My question is who the heck is right? I mean I understand the publishers wishes for us to use live music but for some that just isn't possible. I'd really hate to have to go back to having to hear about how no one can hear the actors even when they are microphoned. But of course I really do not want to be caught up in a legal battle. We can't be the only ones with this problem. 

Any legal minded people out there with some kind of idea on this? Or is it just the publishers trying to frighten us?

thanks


----------



## sk8rsdad (Aug 8, 2012)

I don't think there is a clear definition of what is _legal_ available to us. This is contract law, and without access to the contract it is difficult to discuss legality, other than to state that you are obliged to uphold the terms agreed to in the contract. There are exceptions to the rule, like if the contract requires you to do something that would break another law, but I doubt that is what you mean by _legal_.

As copyright holder, or agent for the copyright holder, the publishing house gets to set the terms.
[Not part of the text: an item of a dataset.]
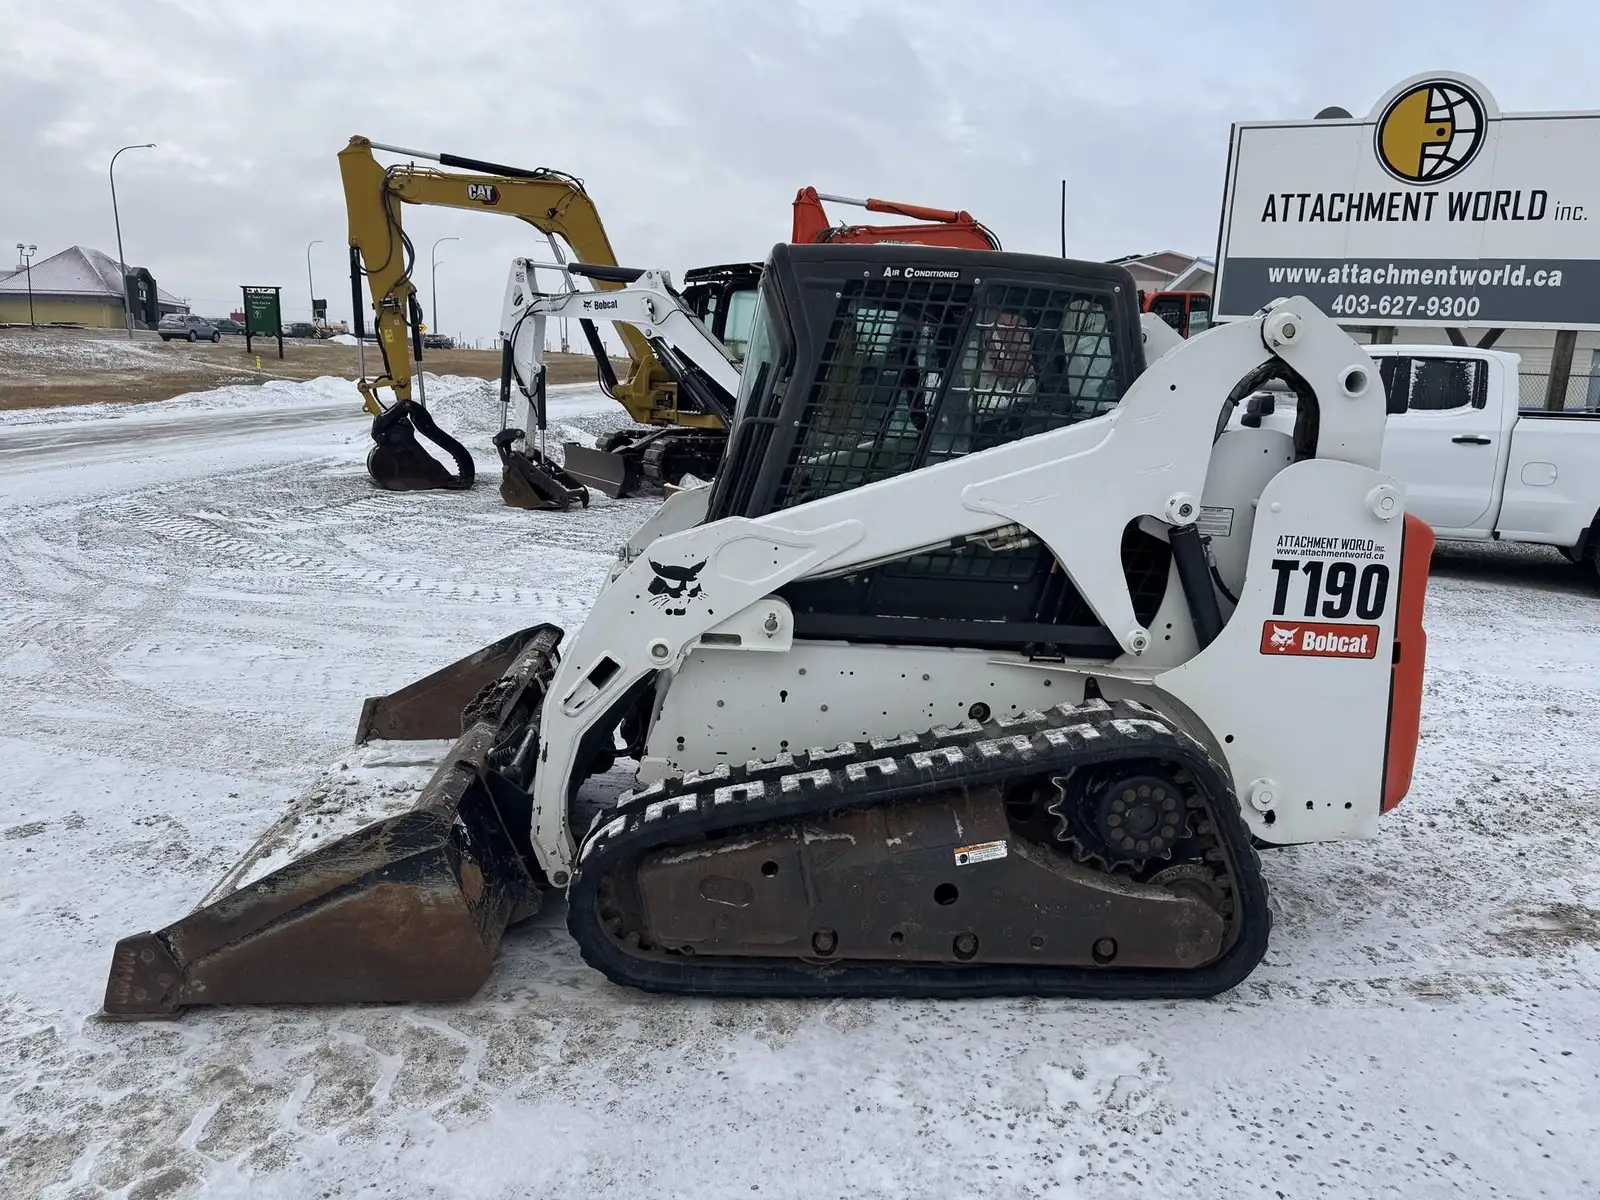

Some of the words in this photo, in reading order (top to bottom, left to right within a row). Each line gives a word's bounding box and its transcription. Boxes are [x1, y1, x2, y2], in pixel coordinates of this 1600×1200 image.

If you agree to the contract then you agree to their terms. This particular issue is further complicated by the terms by which the publisher is constrained. In the case of musicals, and especially Broadway musicals, there are a lot of stakeholders all scrambling for a piece of the pie. That might mean the publisher is obliged to insist upon live musicians. To get around this, MTI offers several versions of the same musical, some of which come with pre-recorded music, age restrictions for actors, etc. in order to meet the demands of their market, and satisfy the requirements imposed upon them by the Musicians Union.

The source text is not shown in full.